Growing Numbers of Yankees Discovering Nashville

Growing Numbers of Yankees Discovering Nashville

Kerry Graham, CEO of Nashville ad agency Bohan, nudges a visitor: “Elvis is in the building.”
Technically, he was outside the Tennessee city’s Ryman Auditorium, the morning sun glinting off his rhinestones and full dark sideburns on a late September day. It’s part of the paradox that is Nashville — an Elvis wannabe touring an auditorium that was originally home of the Grand Ole Opry but now also plays host to the likes of Billy Idol, Counting Crows and Rob Thomas.

Nashville is known as Music City and wears that mantle proudly, but this town wants you to know it’s about more than, as one local pundit put it, “big hair, belt buckles and boots.” The area is also home to about 25 ad agencies, marketers like Mars Petcare, Nissan (Anne McGraw, who runs the automaker’s global digital marketing, was recently elected to the local school board), Cracker Barrel, Dollar General Corp., Genesco, Tractor Supply Co. and more. It’s also host to a burgeoning tech and fashion scene.

Country icon Garth Brooks calls it “a small town in a big city and a big city in a small town.” If so, it’s a boomtown: New construction is inescapable. There are so many building sites in Nashville that there are T-shirts portraying its skyline crammed with cranes.

CNN named it one of the Top 10 fastest-growing cities last year and said 82 people move to Nashville every day. This has caused a bit of a housing crunch downtown and raised rents in hot districts like The Gulch, where a one-bedroom apartment can run as high as $1,800 a month, double the norm for the region. It’s also causing traffic snarls that can reach New York levels.

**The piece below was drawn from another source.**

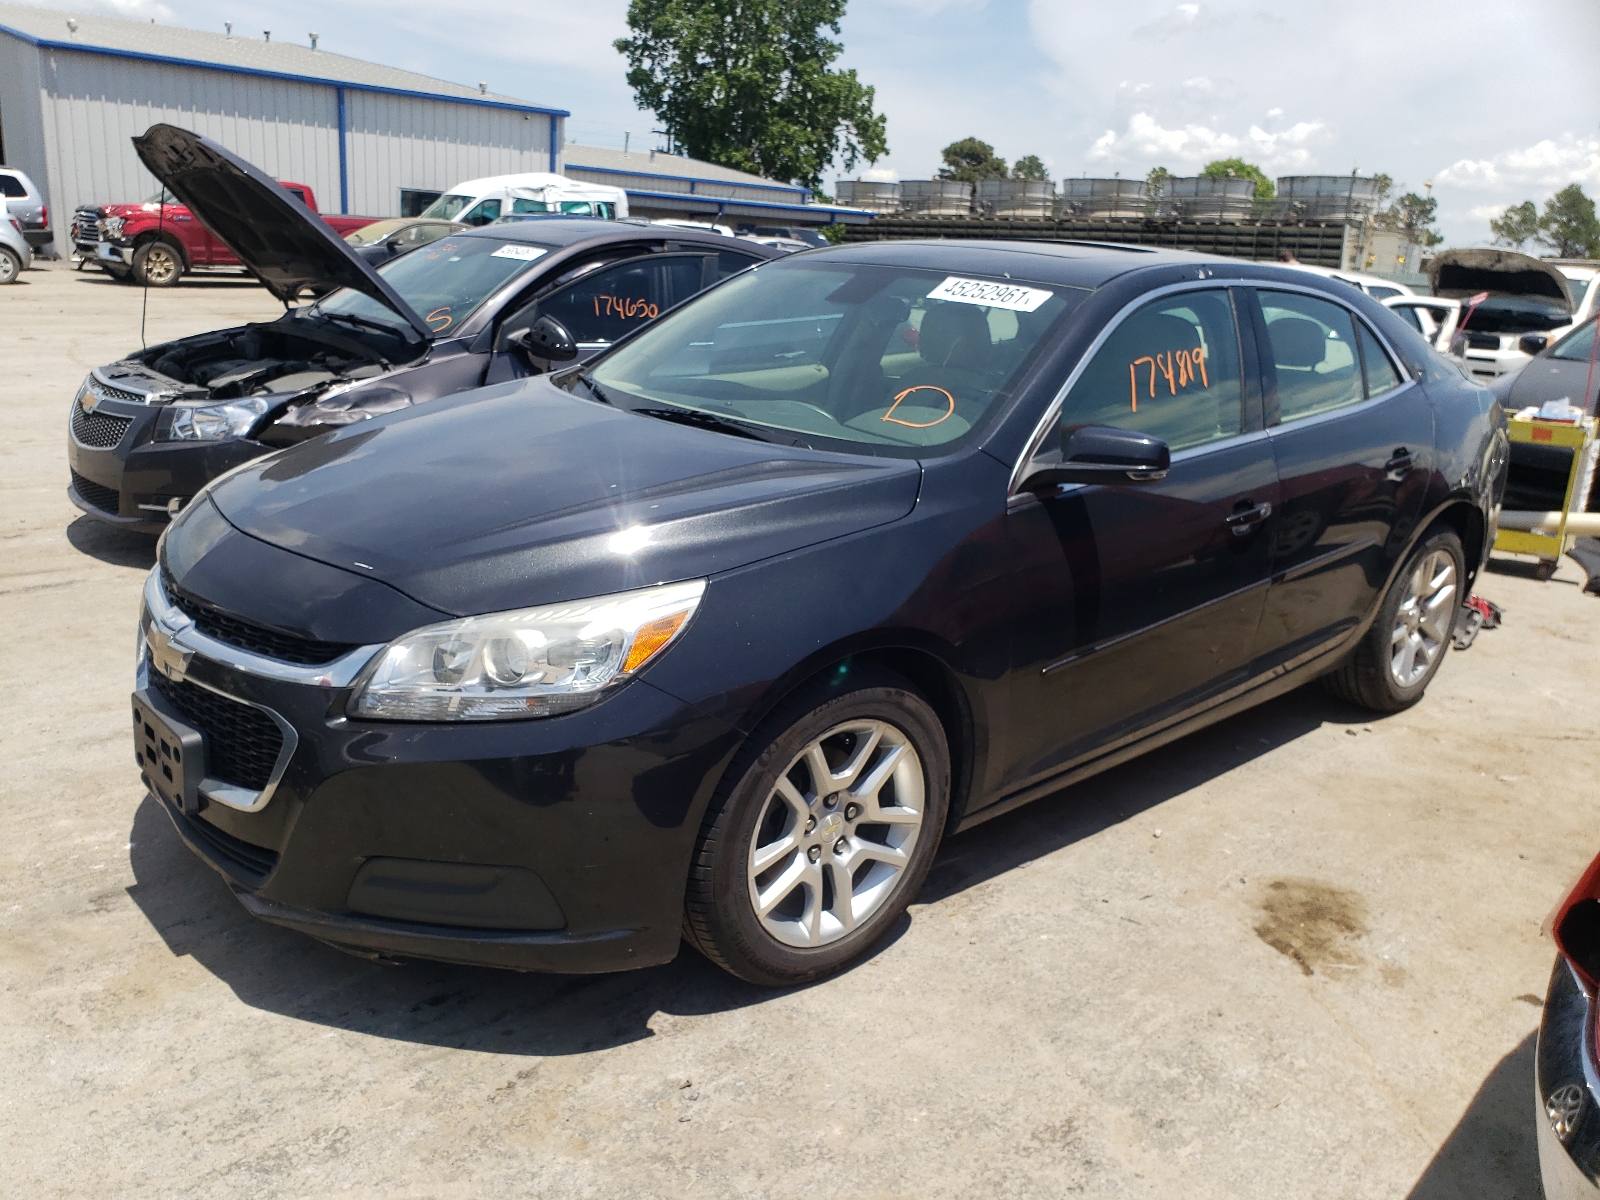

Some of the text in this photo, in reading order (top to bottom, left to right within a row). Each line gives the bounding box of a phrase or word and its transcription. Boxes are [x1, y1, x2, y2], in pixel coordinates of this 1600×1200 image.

Migration last year accounted for 65% of the population growth, according to The Tennessean, and that is evident from talking to residents in the marketing and ad industries here. Populating two of the city’s more prominent shops, Bohan and hometown rival Buntin, are transplants from markets like San Francisco (Pereira & O’Dell and Goodby Silverstein & Partners); Seattle (Wong Doody); Chicago (Leo Burnett); Richmond, Virginia (The Martin Agency); and elsewhere.

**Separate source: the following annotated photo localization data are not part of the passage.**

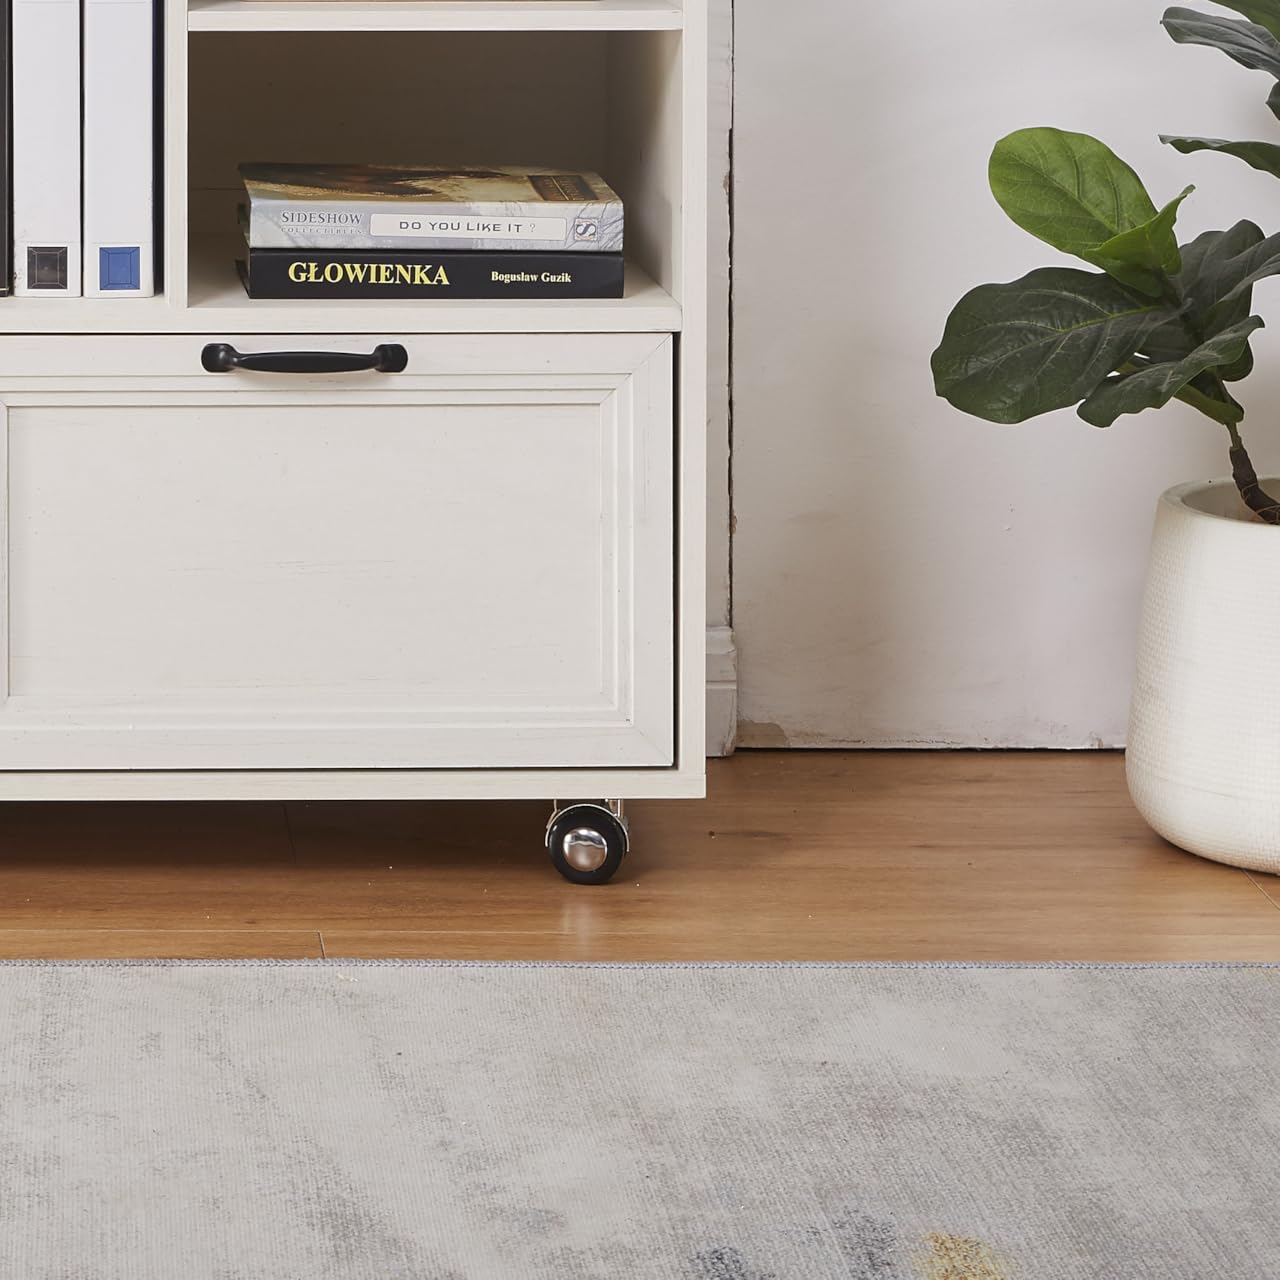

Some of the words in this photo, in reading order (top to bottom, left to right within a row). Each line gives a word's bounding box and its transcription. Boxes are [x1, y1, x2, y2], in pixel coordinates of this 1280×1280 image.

[281, 212, 363, 225] SIDESHOW
[399, 221, 422, 230] DO
[429, 222, 461, 231] YOU
[466, 222, 502, 232] LIKE
[507, 223, 523, 233] IT
[288, 261, 450, 285] GŁOWIENKA
[540, 272, 572, 283] Guzik
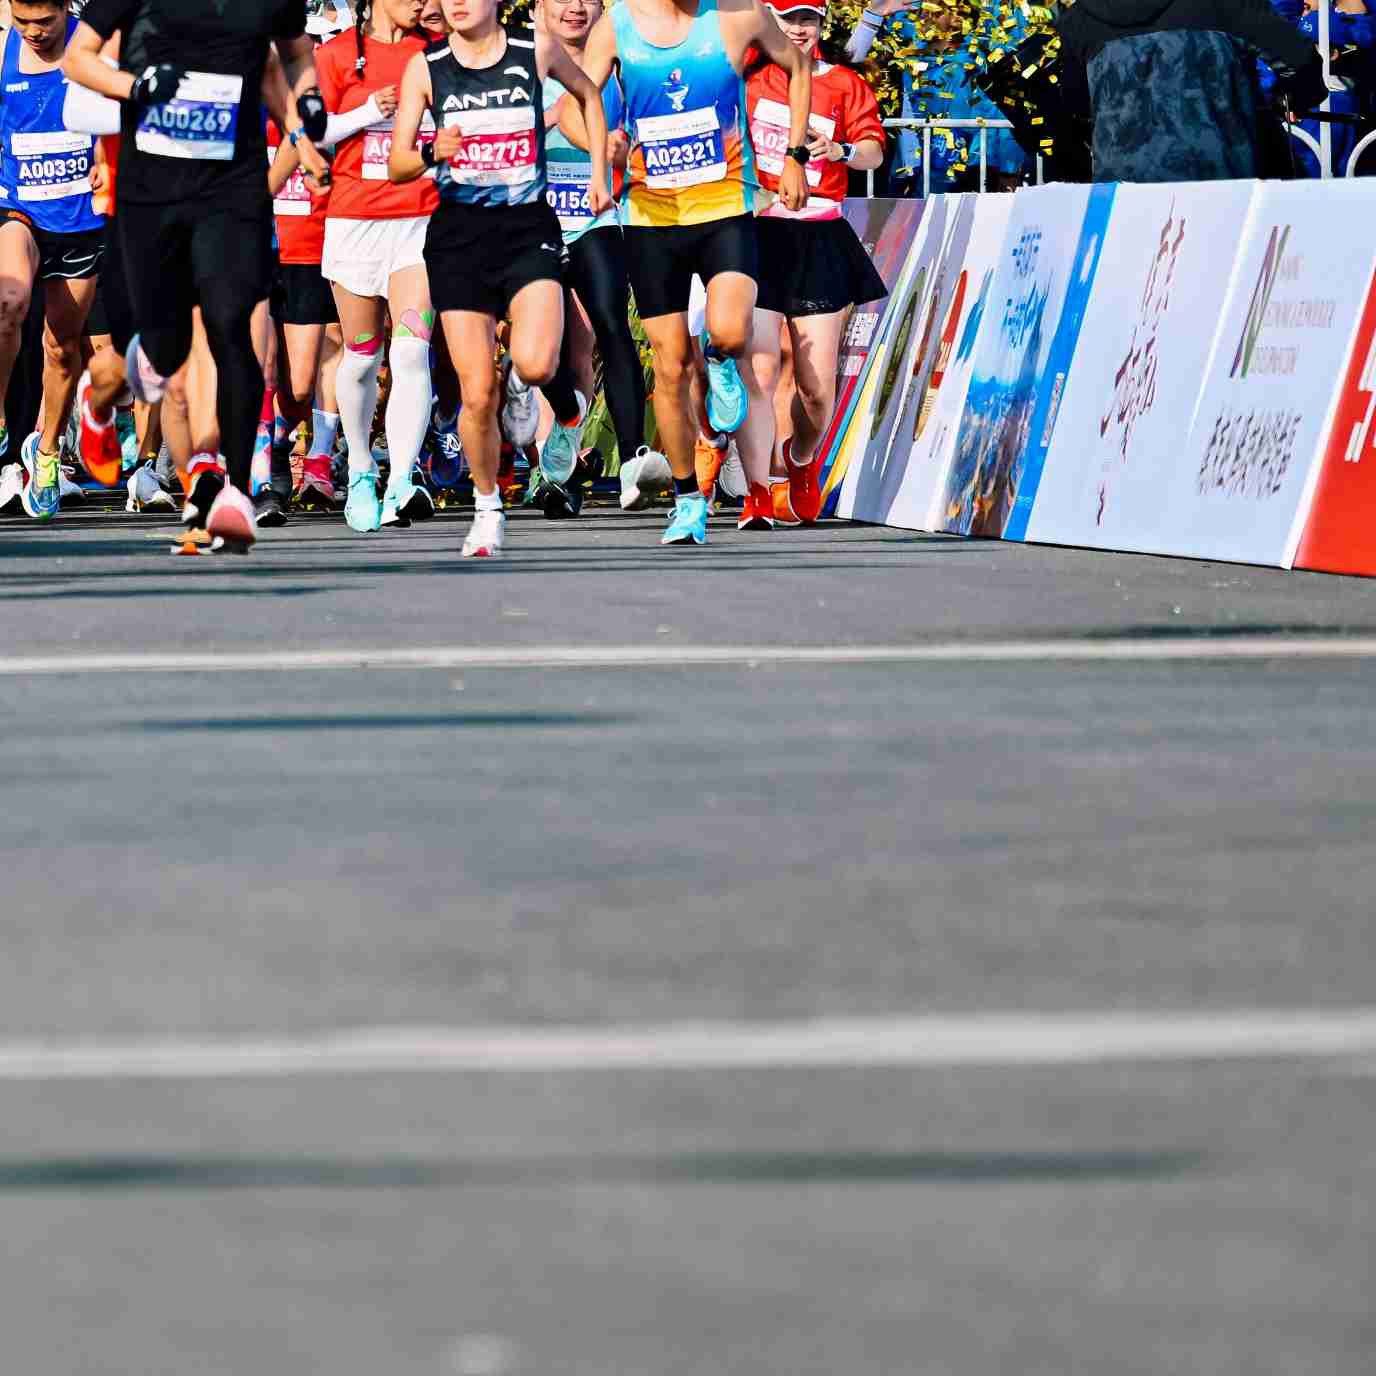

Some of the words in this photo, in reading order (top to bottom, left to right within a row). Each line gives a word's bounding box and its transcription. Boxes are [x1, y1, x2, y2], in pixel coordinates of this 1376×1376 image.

[442, 86, 530, 112] ANTA
[144, 105, 232, 134] A00269
[454, 140, 531, 164] A02773
[646, 143, 715, 170] A02321
[19, 156, 88, 180] A00330

“Nashville has caught a tailwind,” said Jeffrey Buntin, president-CEO of the eponymous agency with deep Nashville roots — his father founded the shop, which today contains a firepole that employees sometimes use as an alternative to stairs, in 1972. “When I had a conversation with a candidate eight years ago, it was a lot different than today,” Mr. Buntin said. “Now I have people coming in saying, ‘I want to be in Nashville.'” Buntin says it is the city’s largest agency, with 150 staffers and $130 million in annual billings spread across clients including Trex, Perkins Restaurant, Chinet and John Deere.